__PROMPT__
Give the listing again word for word, excluding the pictures it contains.

MATERIAL FOR THE TASK section start

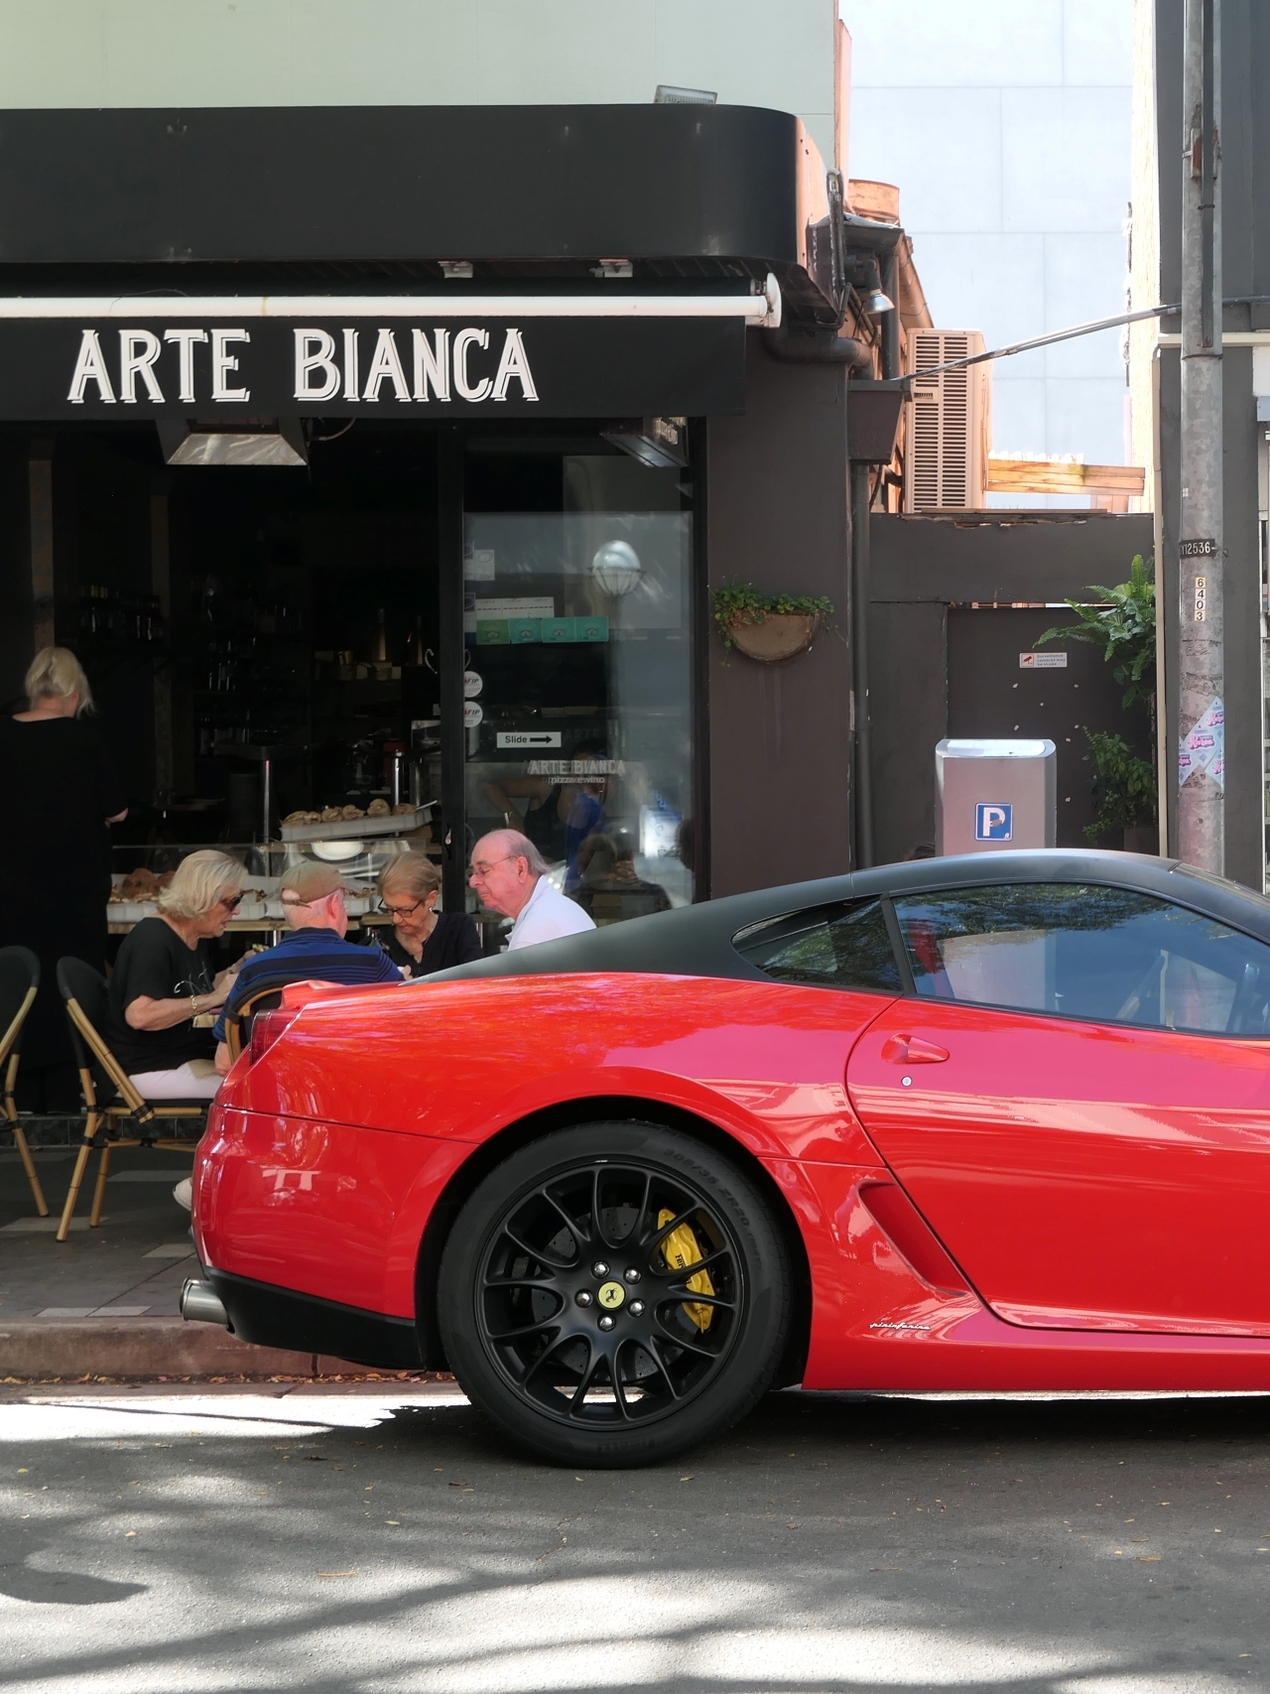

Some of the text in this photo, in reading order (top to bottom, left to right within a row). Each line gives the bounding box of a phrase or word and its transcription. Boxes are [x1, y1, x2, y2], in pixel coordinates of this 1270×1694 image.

[67, 328, 540, 404] ARTE BIANCA
[1196, 578, 1204, 620] 6403
[505, 736, 528, 744] Slide
[528, 760, 626, 774] ARTE BIANCA
[983, 807, 1005, 836] P
[870, 1321, 930, 1330] pininfarina

MATERIAL FOR THE TASK section end

__RESULT OF THE TASK__
Some of the text in this photo, in reading order (top to bottom, left to right within a row). Each line gives the bounding box of a phrase or word and its transcription. Boxes are [x1, y1, x2, y2], in pixel coordinates of this 1270×1694 image.

[67, 328, 540, 404] ARTE BIANCA
[1196, 578, 1204, 620] 6403
[505, 736, 528, 744] Slide
[528, 760, 626, 774] ARTE BIANCA
[983, 807, 1005, 836] P
[870, 1321, 930, 1330] pininfarina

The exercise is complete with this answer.